Osama bin Laden: my part in his downfall

The killing of Osama bin Laden offers the United States an opportunity.  It may not be the opportunity it thinks it has.

Amongst bin Laden’s supporters there will be shock.  Al Qaeda is a decentralised network in the manner of many modern movements; it’s linked by ideology and the internet rather than by a command structure.  With the death of ‘the Sheikh’ the leadership vacuum will be difficult to fill.  It’s not about occupying a command position; it’s about being a figurehead and motivator.  No one else we know of has Osama’s charisma; none has his track record and none his totemic value or mythos.  These are things one cannot manufacture.

The US may have managed to create the sense that its justice rolls on inexorably and inescapably.  However if it simply tries to capitalise on that momentum with simply more of the same, it may miss an opportunity.

While it remains as important as ever to keep up the pressure on violent extremists it’s also the moment to reach out, in deed rather than in word, to the wider Islamic world.

One significant gesture would be to finally get a grip on the US military’s propensity to use spray and pray tactics.  Reading accounts of D-Day and the Normandy campaign it’s apparent that the American military’s slapdash attitude to civilians and allies goes back at least to 1944 when they’d already earned a reputation for incompetence and carelessness in that regard.

It was a feature of the war in Vietnam.  Civilian casualties were monstrous.  More allied Australian troops were killed by the Americans than by the Vietcong and friendly fire incidents within the US military were numerous.

The damage done to coalition operations in Iraq and Afghanistan by the attitude of US troops to civilians is incalculable.  It has almost certainly prolonged both conflicts at great cost both to local people and to the US treasury.

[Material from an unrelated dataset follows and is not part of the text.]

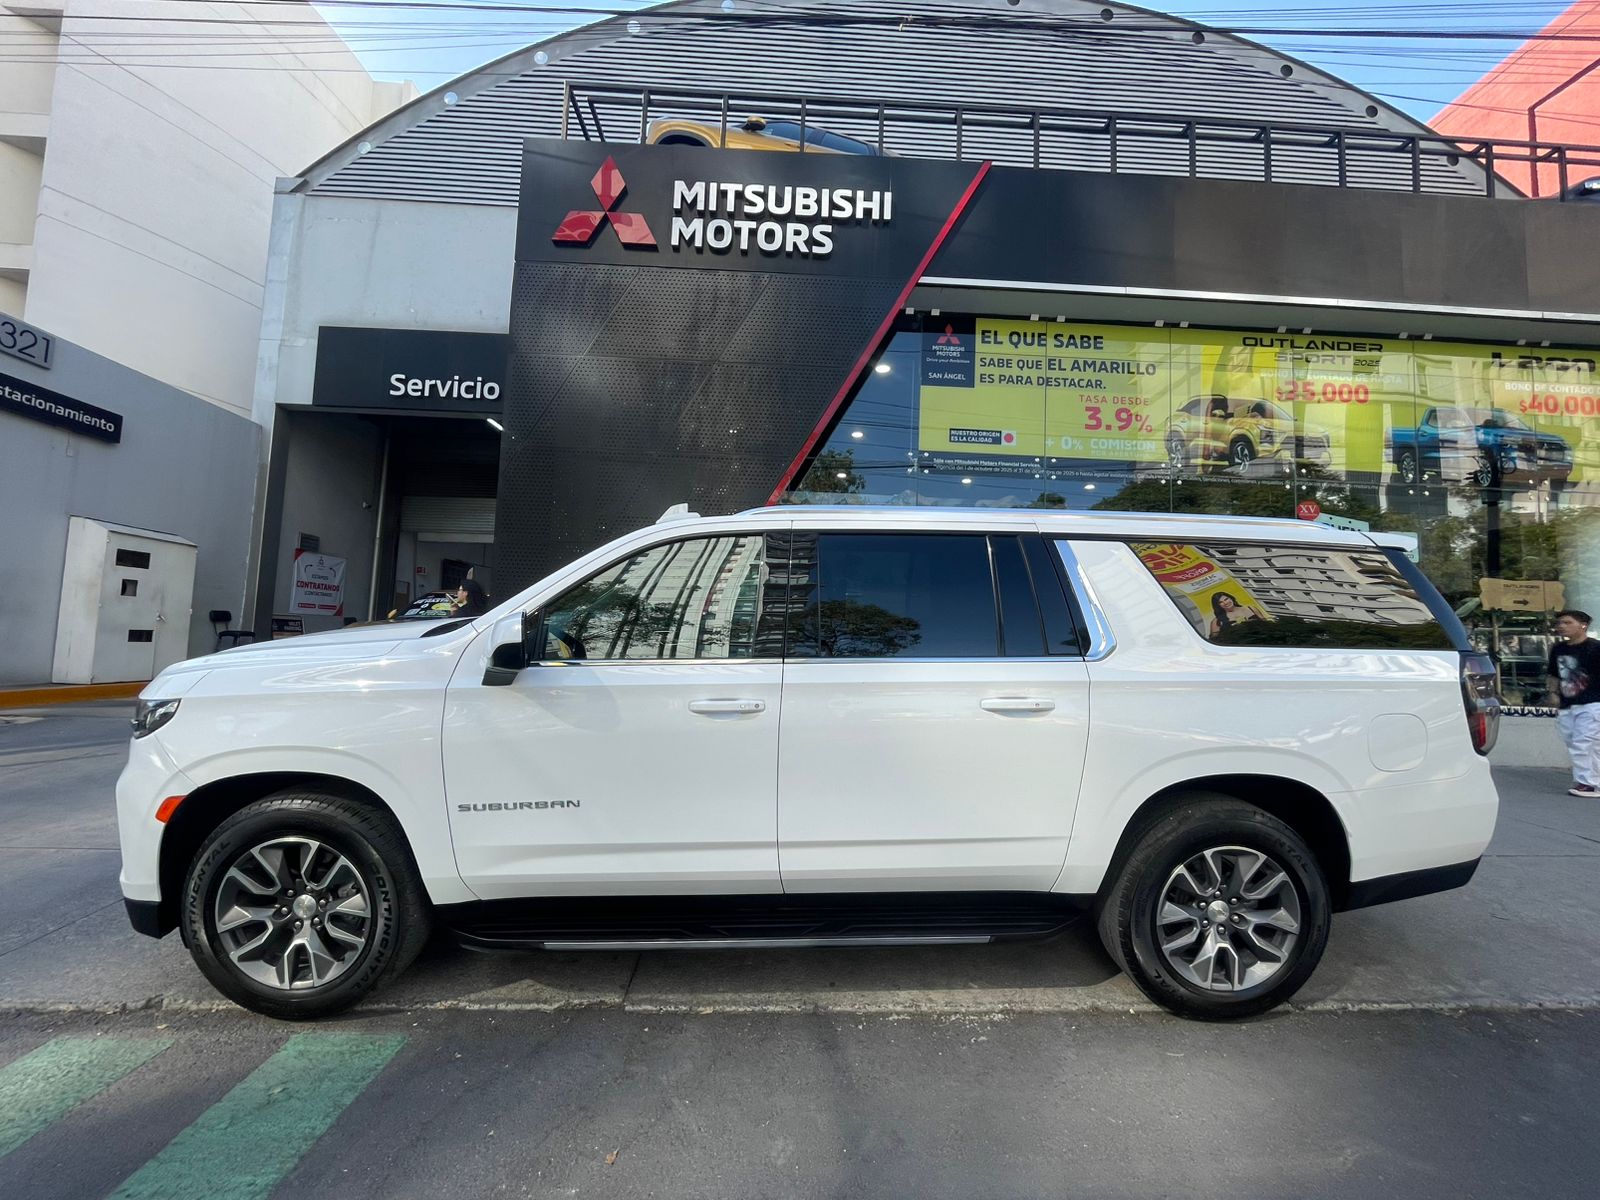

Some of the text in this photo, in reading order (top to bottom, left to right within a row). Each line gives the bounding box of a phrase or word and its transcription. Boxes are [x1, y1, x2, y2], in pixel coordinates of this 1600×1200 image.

It’s time to let the innocent see the gentler face of the United States.  It’s a time to reach out.  There is no suggestion that there should be any let up in efforts to dismantle Al Qaeda but that requires efforts to strangle recruitment.  In an age when ‘joining up’ just requires people to believe and to act independently in a common cause, that means winning hearts and minds.  I’m not really convinced that the US military and security services know how to do that.


Hey folks, you heard it here last… they buried him at sea.  Brilliant.  One day after President Obama takes the mick out of Donald Trump for his birther beliefs and suggests the release of the presidential birth certificate will allow Ekky Trump to concentrate on Roswell and the faked moon landings instead, they give conspiracy theorists new hope.  Osama isn’t really dead, he’s still on the run/in a detention facility/hanging at Gracelands with Elvis and Glen Miller.  Hats off to the geniuses who thought that one up.  There truly is no intelligence quite like military intelligence.